BRIEF:
Return all the entries below exactly, except for the images they hold.

SOURCE RECORDS:
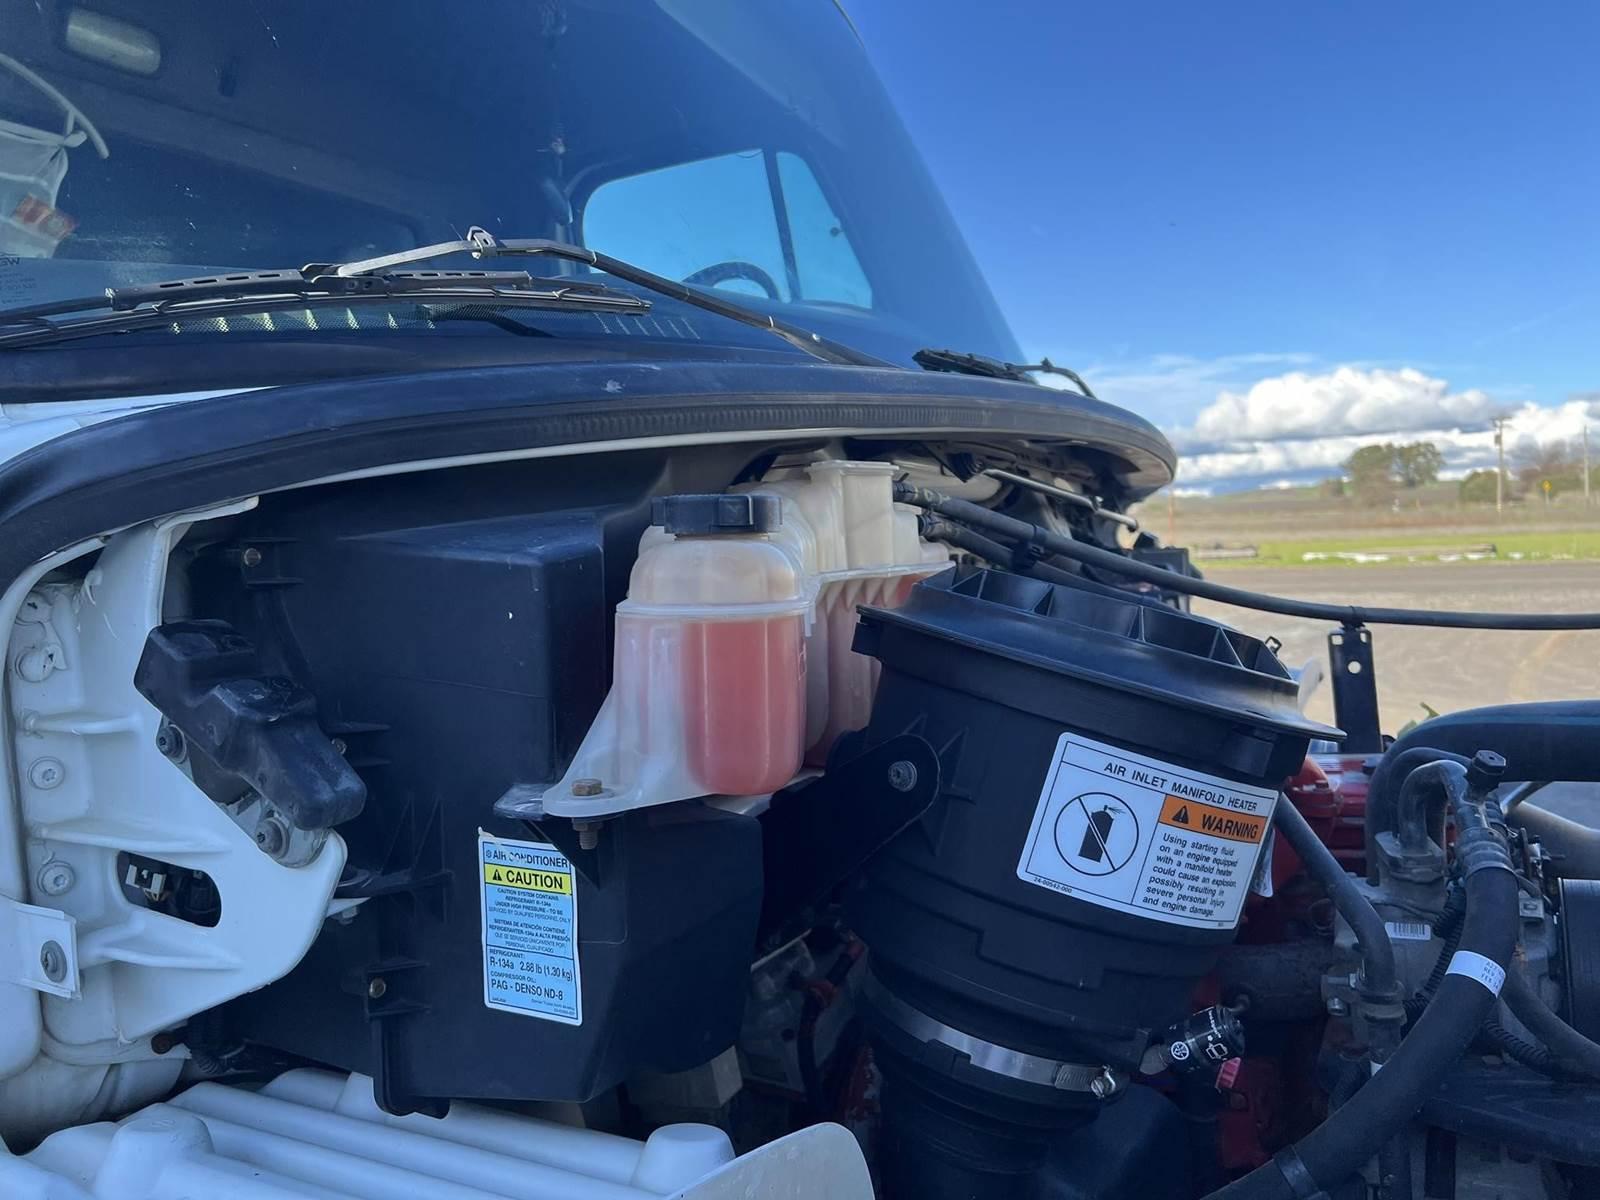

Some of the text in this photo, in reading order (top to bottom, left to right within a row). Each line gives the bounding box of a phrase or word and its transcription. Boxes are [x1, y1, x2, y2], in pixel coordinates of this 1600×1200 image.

[1104, 762, 1258, 812] AIR INLET MANIFOLD HEATER
[1201, 813, 1259, 839] WARNING
[1163, 832, 1235, 857] Using starting fluid
[1156, 855, 1174, 865] with
[1184, 862, 1215, 874] manifold
[1215, 867, 1233, 877] heater
[1159, 844, 1238, 868] on an engine equipped
[506, 870, 563, 889] CAUTION
[1153, 865, 1176, 877] could
[1178, 871, 1200, 883] cause
[1201, 876, 1210, 884] an
[1146, 886, 1174, 898] severe
[1176, 893, 1208, 905] personal
[1148, 875, 1185, 891] possibly
[1187, 884, 1217, 897] resulting
[1142, 895, 1159, 905] and
[1161, 900, 1187, 912] engine
[490, 956, 573, 983] R-134a 2.88 lb (1.30 kg)
[490, 971, 526, 981] COMPRESSOR
[491, 979, 508, 990] PAG
[515, 982, 542, 996] DENSO
[544, 988, 563, 1001] ND-8
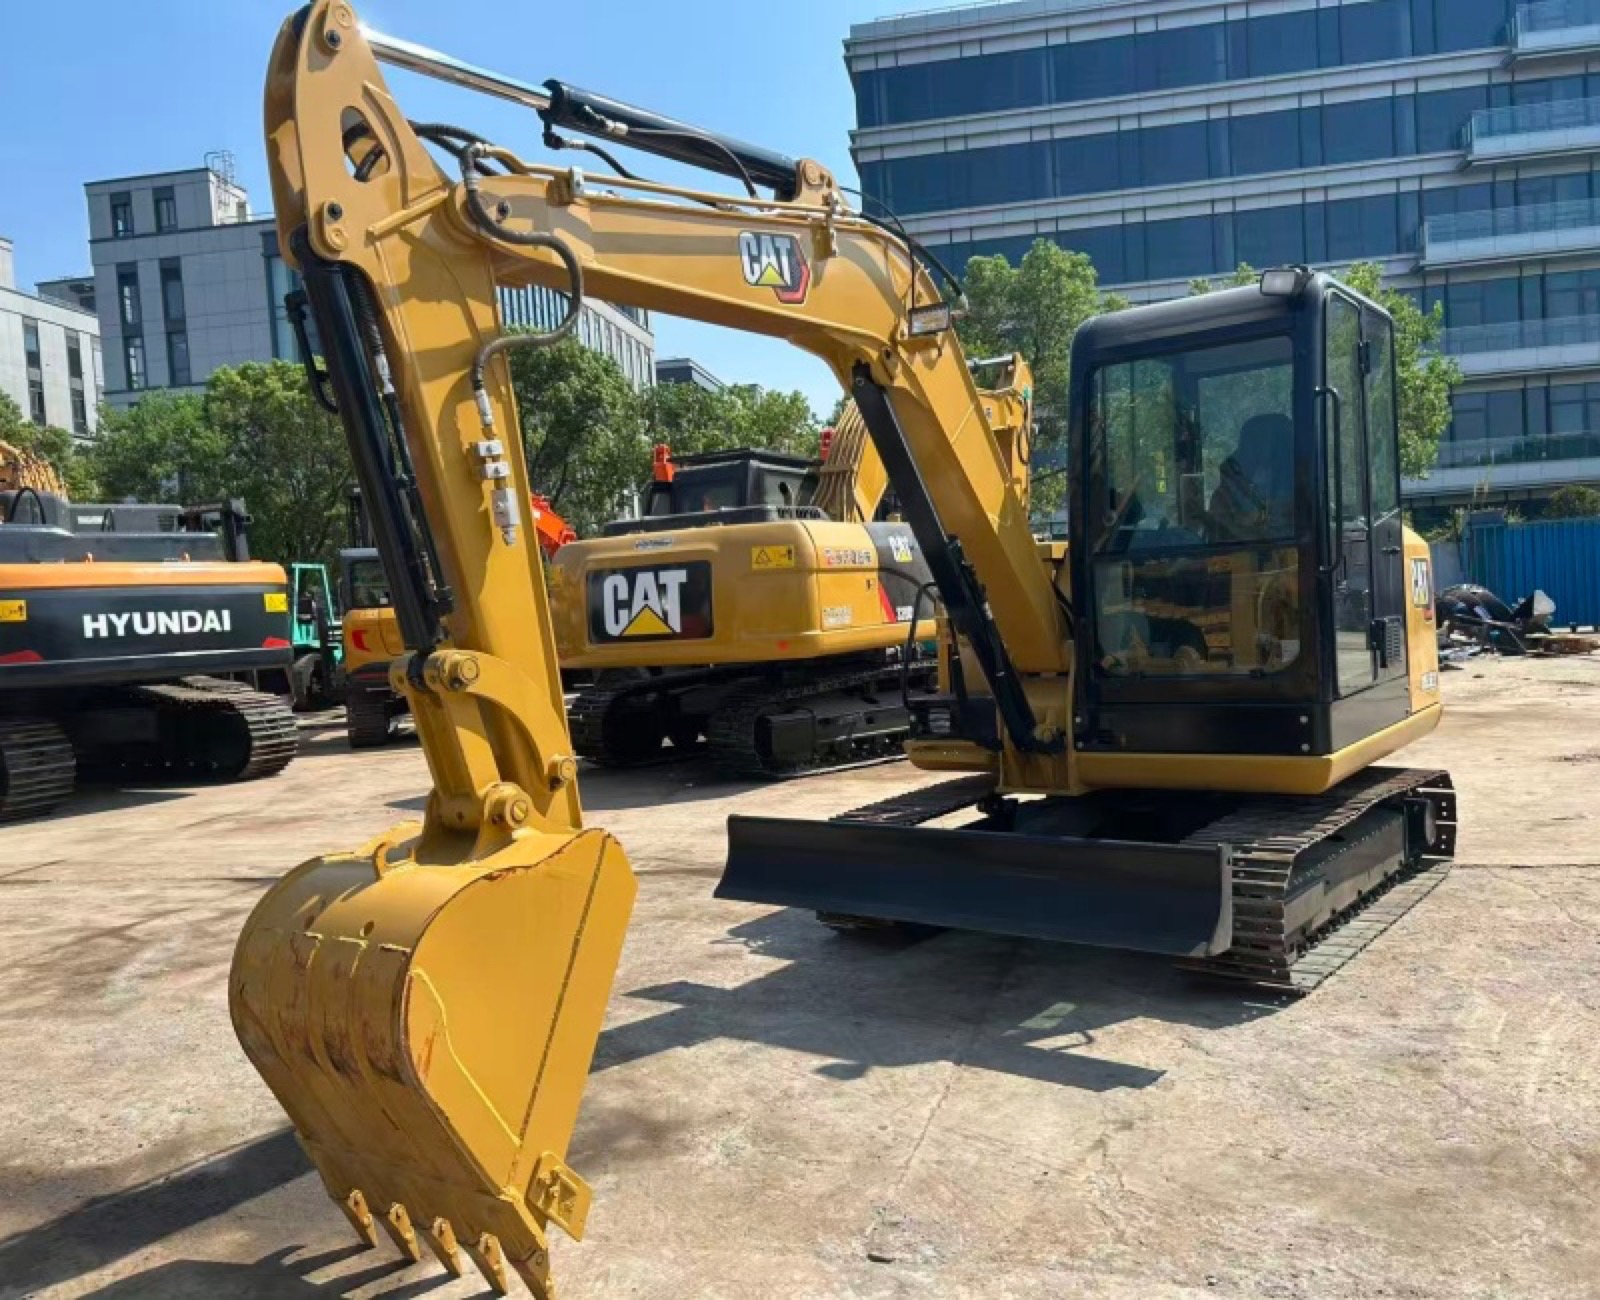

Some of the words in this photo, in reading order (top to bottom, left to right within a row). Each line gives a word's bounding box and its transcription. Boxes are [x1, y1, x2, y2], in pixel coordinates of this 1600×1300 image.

RESPONSE:
Some of the text in this photo, in reading order (top to bottom, left to right within a row). Each line gives the bounding box of a phrase or word and its transcription. Boxes are [x1, y1, x2, y2], in pixel coordinates of this 1600×1200 image.

[1104, 762, 1258, 812] AIR INLET MANIFOLD HEATER
[1201, 813, 1259, 839] WARNING
[1163, 832, 1235, 857] Using starting fluid
[1156, 855, 1174, 865] with
[1184, 862, 1215, 874] manifold
[1215, 867, 1233, 877] heater
[1159, 844, 1238, 868] on an engine equipped
[506, 870, 563, 889] CAUTION
[1153, 865, 1176, 877] could
[1178, 871, 1200, 883] cause
[1201, 876, 1210, 884] an
[1146, 886, 1174, 898] severe
[1176, 893, 1208, 905] personal
[1148, 875, 1185, 891] possibly
[1187, 884, 1217, 897] resulting
[1142, 895, 1159, 905] and
[1161, 900, 1187, 912] engine
[490, 956, 573, 983] R-134a 2.88 lb (1.30 kg)
[490, 971, 526, 981] COMPRESSOR
[491, 979, 508, 990] PAG
[515, 982, 542, 996] DENSO
[544, 988, 563, 1001] ND-8

Some of the words in this photo, in reading order (top to bottom, left to right within a row). Each line gives a word's bounding box and its transcription. Boxes are [x1, y1, x2, y2], in pixel coordinates of this 1600×1300 image.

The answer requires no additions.